PostNL has responded by expanding the range of products it delivers, including pharmaceutical products, which need to be kept cool during delivery, and flowers, which need special packaging to ensure they are not damaged.
It has also added fresh food deliveries, and offers services to deliver and assemble furniture and white goods, such as washing machines.
At the same time, the company is investing in technology to automate services for its own employees, including replacing outdated human resources (HR) systems with cloud services, and automating time-consuming manual HR processes.
The company has calculated that it can increase its valuation by €80 for every €1 it invests in initiatives to help its employees feel more engaged at work.
Robots take over the paperwork
PostNL has made huge gains by using robotics software to automate manual, often tedious tasks, which can be carried out more quickly and accurately by machines.
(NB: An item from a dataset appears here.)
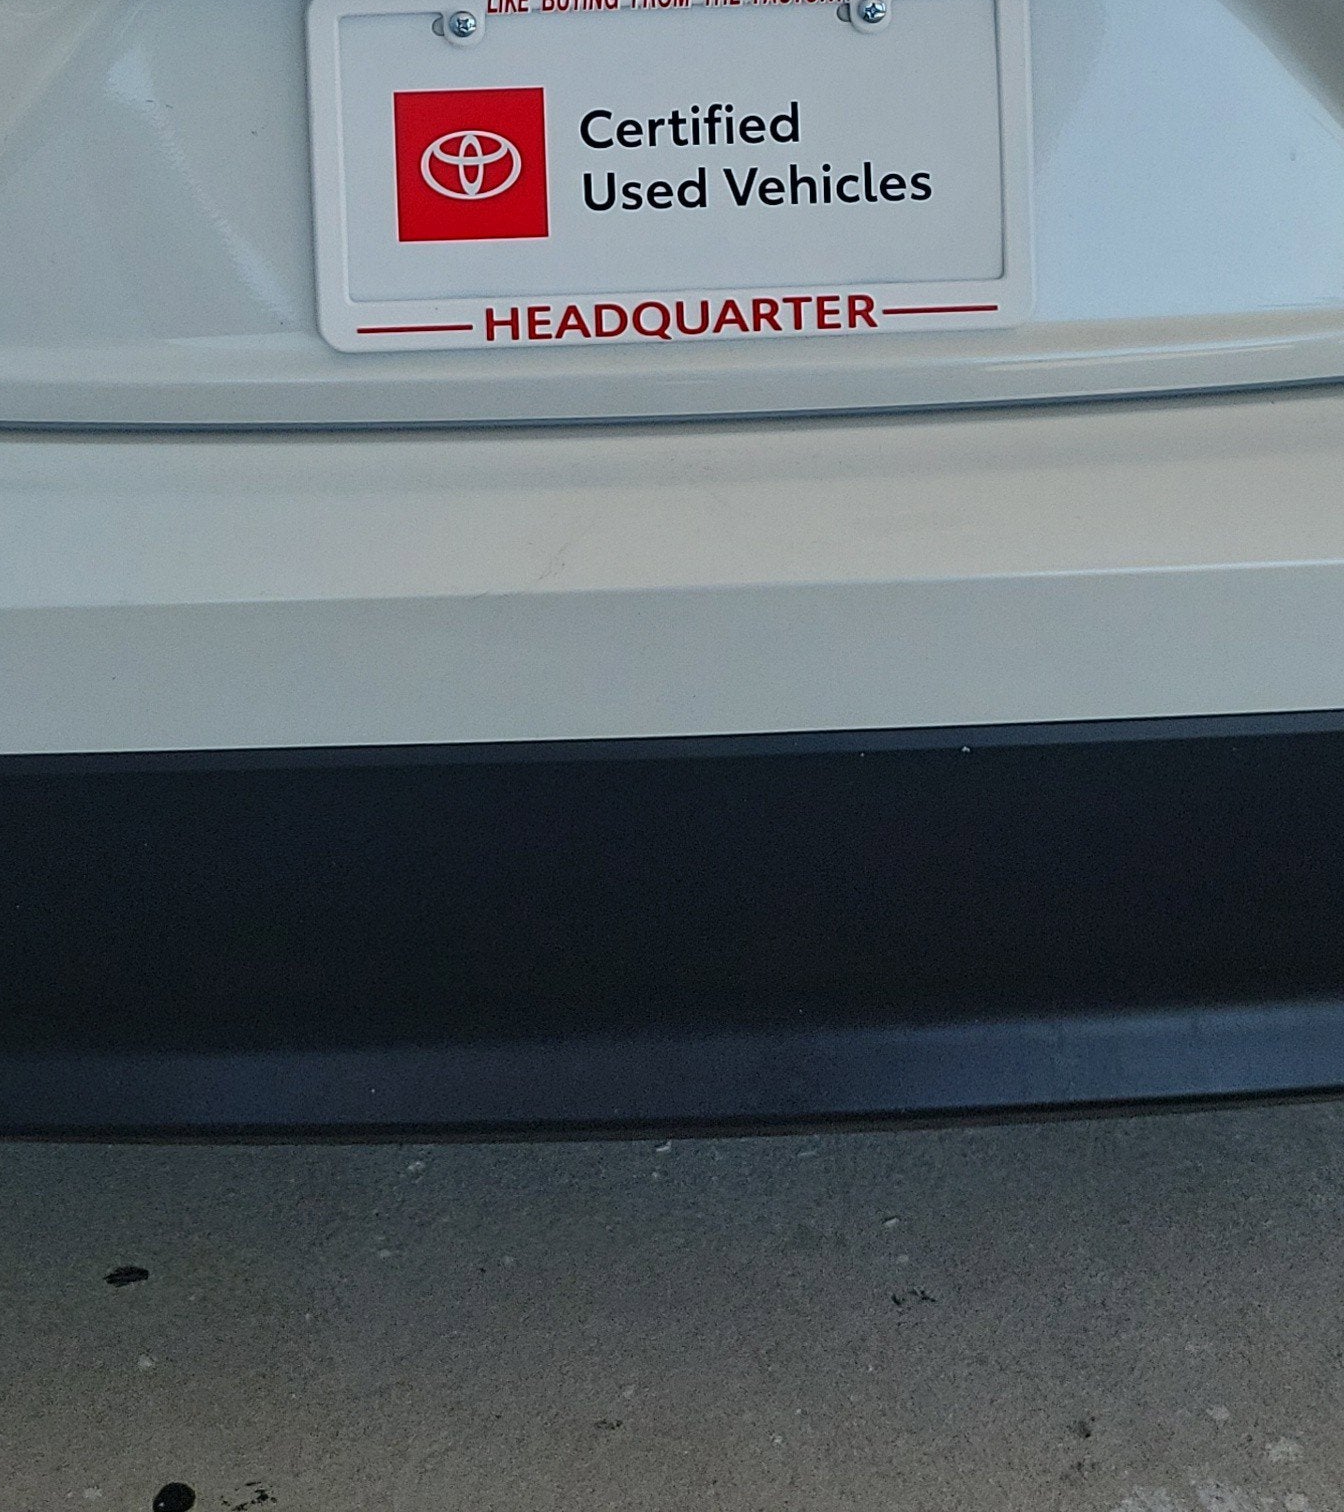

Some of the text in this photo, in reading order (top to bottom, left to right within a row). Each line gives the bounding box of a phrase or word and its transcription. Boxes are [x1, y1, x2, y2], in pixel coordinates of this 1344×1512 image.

[580, 101, 801, 149] Certified
[583, 162, 933, 211] Used Vehicles
[484, 294, 879, 342] HEADQUARTER
The company started in October 2017 by automating the administration required for each of the 12,000 recruits that join the company each year.
New starters are required to obtain a security vetting certificate and email it to PostNL. It takes PostNL staff 20 minutes to complete the administration steps for each new joiner. By automating the process, the company has been able to save 4,000 hours of work a year – equivalent to over three members of full-time staff.
“We are managing growth and decline at the same time, and that simultaneous change is really a challenge”
Bob van Ierland, PostNL
PostNL is using the same technology to automate the administration required when staff are off sick. The company typically handles 25,000 sickness reports each year, each of which takes two minutes – a total of at least 100 working days a year.
“Now we have a robot that scans the functional email address [for medical notes], opens the PDF, scans it to see who’s report it is, uploads it to the person’s illness manager [portal] and closes down the application,” said Van Ierland, in an interview at the Unleash World Conference and Expo in Amsterdam.
The robot checks the inbox at 9am, 1pm and 5pm, spending 10 to 15 minutes each time, but with the robot on duty for 168 hours a week, this leaves plenty of time for other tasks.
“Unlike humans, robots do not go to the toilet, do not go on holiday, they don’t chat at the coffee machine,” said Van Ierland.
The HR team has identified 28 HR services that can benefit from robotic process automation (RPA). They include planning road transport, and the allocation of resources on trucks to make deliveries between depots. That will free people up to manage peaks and troughs throughout the season, such as the surge of deliveries during the Christmas period.
The work has so far enabled PostNL to reduce its headcount in its HR department by 30%, from 530 full-time equivalent employees, to 370.
Automation will allow PostNL to reduce its HR services department by 15% while improving the quality of service, potentially freeing 20 HR staff from routine administrative work.
PostNL also expects to see significant benefits for automation in its call centres. The company is using mobile apps to train its call centre agents on how to answer questions from customers. “By using the app they learn twice as fast, they provide better answers to our customers, and they are more confident in their jobs,” said Van Ierland.
In the future, it will be possible for customers to interact with algorithms with the ability to learn, that will be able to answer any questions. Phone calls will be handled by a mixture of human and robotic assistants.
Staff engagement can bring big returns
Some of the biggest benefits could come from using HR technology to help employees become more engaged in their work through a combination of eliminating mundane tasks and better management.
It is notoriously difficult to calculate the value of investing in HR technology, but Van Ierland has presented a convincing case to the PostNL board that improving engagement across the company could dramatically increase the company’s valuation.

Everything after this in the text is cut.